Ulysse Nardin’s SIHH debut timepiece InnoVision 2 is not for sale, nor is it intended for sale. Launched a decade after InnoVision 1, the concept piece is a test bed for creative solutions and technical innovations that will eventually find their way into the brand’s future productions. Like the first InnoVision, this watch showcases 10 patent-pending innovations.
One of the key inventions is the Dual Constant Escapement, a sophisticated constant force device that is independent from the tension of the mainspring, and can deliver steady torque and amplitude from the barrel to the balance wheel and balance spring.
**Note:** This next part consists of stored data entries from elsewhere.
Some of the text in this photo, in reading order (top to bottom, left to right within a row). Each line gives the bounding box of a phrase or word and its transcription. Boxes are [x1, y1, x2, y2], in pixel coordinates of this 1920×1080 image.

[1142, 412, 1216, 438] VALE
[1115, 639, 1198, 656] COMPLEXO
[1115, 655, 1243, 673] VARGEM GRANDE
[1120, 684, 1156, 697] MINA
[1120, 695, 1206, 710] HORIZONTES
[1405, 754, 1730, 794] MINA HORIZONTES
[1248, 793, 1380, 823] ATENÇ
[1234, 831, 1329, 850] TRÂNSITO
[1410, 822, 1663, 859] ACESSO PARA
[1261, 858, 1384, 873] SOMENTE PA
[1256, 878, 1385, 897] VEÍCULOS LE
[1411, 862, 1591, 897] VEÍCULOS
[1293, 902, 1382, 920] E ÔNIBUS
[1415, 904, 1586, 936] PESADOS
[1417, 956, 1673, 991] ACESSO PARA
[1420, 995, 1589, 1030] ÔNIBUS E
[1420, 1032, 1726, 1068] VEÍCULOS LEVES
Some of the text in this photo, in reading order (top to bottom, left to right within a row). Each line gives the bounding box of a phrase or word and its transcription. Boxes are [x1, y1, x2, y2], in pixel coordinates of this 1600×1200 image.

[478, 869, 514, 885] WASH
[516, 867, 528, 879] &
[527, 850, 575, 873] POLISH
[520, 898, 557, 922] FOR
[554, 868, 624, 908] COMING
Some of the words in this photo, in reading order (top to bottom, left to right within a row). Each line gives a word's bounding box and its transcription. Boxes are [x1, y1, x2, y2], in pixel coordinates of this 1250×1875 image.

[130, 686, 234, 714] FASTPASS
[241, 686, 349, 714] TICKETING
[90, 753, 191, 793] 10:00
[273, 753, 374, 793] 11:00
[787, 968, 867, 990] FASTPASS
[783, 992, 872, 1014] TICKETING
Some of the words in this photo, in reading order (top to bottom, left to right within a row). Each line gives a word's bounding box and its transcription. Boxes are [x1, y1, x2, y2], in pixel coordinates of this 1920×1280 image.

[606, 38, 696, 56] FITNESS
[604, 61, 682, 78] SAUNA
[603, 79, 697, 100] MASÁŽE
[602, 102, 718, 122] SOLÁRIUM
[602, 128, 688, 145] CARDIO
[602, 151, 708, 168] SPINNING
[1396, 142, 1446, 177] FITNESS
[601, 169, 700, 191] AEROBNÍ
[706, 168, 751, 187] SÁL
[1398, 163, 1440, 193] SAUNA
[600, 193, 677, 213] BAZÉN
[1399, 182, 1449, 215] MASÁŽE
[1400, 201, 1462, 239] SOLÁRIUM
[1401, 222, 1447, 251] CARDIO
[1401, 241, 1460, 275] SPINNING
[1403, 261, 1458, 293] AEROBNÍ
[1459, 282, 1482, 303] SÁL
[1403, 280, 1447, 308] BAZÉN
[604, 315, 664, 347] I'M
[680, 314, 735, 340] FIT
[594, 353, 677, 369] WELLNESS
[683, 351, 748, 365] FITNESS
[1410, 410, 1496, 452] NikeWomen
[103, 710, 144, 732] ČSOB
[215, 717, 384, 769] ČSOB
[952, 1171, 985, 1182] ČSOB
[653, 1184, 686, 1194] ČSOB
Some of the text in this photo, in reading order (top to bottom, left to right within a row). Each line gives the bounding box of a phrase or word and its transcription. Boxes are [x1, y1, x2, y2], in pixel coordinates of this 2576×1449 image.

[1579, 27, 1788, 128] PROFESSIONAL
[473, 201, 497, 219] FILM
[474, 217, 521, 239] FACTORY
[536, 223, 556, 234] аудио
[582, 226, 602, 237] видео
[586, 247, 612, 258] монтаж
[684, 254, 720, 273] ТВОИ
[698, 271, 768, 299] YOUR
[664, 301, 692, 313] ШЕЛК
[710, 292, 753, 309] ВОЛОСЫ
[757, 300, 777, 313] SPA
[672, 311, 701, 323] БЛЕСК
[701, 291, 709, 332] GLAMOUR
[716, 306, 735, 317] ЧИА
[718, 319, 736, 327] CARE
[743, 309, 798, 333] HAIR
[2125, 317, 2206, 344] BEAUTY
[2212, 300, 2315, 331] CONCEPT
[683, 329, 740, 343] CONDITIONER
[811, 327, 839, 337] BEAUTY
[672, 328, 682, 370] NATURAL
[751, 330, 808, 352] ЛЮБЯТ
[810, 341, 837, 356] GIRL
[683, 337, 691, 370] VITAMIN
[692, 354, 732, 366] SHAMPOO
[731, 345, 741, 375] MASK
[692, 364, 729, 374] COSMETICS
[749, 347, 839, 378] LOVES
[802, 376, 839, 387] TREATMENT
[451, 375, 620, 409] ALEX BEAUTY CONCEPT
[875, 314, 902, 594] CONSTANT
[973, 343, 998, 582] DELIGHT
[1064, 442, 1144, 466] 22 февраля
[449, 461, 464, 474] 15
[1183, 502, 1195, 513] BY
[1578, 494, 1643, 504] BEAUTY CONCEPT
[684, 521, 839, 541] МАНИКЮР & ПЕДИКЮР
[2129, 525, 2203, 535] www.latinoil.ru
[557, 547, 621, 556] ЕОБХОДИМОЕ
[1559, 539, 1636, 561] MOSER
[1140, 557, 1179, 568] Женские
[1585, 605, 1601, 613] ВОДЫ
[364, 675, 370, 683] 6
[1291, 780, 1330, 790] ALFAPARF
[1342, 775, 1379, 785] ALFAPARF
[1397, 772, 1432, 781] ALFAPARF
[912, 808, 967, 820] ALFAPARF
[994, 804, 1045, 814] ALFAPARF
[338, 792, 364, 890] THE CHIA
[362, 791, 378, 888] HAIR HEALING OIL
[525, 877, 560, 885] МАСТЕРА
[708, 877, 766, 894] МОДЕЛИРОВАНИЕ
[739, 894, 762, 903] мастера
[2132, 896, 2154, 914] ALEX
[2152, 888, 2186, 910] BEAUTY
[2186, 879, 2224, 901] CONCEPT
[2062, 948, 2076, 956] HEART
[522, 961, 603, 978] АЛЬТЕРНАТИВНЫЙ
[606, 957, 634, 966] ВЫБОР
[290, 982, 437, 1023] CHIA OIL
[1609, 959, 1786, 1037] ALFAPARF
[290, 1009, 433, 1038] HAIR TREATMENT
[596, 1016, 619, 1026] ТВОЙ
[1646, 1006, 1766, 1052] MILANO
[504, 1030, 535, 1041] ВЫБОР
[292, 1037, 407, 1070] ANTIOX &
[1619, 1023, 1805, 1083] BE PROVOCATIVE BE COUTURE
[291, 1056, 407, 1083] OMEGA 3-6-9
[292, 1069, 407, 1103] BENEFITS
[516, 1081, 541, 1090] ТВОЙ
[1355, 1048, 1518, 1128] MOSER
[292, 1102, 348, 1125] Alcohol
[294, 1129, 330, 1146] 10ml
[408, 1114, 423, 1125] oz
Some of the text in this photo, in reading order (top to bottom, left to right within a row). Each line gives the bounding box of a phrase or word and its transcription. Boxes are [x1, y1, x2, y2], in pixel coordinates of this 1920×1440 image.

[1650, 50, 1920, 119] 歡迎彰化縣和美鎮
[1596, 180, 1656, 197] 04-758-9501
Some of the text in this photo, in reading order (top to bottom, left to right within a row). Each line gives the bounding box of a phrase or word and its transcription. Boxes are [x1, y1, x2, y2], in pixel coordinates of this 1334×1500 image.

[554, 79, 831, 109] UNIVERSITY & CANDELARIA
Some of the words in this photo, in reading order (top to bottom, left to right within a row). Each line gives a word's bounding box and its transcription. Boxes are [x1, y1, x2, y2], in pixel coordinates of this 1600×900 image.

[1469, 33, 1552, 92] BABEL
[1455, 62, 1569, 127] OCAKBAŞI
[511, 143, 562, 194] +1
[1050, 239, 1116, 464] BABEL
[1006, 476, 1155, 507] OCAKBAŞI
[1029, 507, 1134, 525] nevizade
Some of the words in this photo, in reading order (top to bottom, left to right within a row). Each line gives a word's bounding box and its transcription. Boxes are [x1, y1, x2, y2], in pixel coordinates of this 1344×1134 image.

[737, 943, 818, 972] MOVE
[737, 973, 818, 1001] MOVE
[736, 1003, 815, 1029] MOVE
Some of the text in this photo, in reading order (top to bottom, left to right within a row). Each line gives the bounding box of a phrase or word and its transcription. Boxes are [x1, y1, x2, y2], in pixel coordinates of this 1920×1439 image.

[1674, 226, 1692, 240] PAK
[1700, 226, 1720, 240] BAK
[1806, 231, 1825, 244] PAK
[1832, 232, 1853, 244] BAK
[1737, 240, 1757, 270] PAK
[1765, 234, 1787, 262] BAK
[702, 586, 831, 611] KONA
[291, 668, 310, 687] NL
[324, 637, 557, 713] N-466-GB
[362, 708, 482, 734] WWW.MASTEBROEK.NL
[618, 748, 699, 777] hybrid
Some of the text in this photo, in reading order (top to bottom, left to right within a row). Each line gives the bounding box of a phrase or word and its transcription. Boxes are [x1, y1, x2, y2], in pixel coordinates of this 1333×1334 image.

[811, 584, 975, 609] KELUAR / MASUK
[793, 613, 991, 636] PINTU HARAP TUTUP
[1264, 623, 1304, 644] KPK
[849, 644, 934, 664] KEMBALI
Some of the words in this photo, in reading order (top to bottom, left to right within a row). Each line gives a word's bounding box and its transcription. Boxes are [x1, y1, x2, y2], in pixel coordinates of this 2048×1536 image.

Made of a silicon structure with flexible silicon blades, it contains elements of both the Dual Direct escapement system and the Ulysse Nardin Anchor Escapement.
The watchmaker also experimented with DRIE (Deep Reactive Ion Etching) technology to attach different silicon components together. This is then used in its third innovation, the silicon balance wheel with gold mass elements and stabilising micro paddles. The silicon structure of the wheel means mass is significantly lower than that of conventionally constructed examples. The specially shaped regulator levers (shaped like paddles) even out air turbulence to control rate variations while the adjustable gold elements improve inertia.
A fourth innovation, the Grinder, is a system composed of ball bearings, ratchets and a two-stage satellite reduction gear, which results in a super energy-efficient self-winding mechanism.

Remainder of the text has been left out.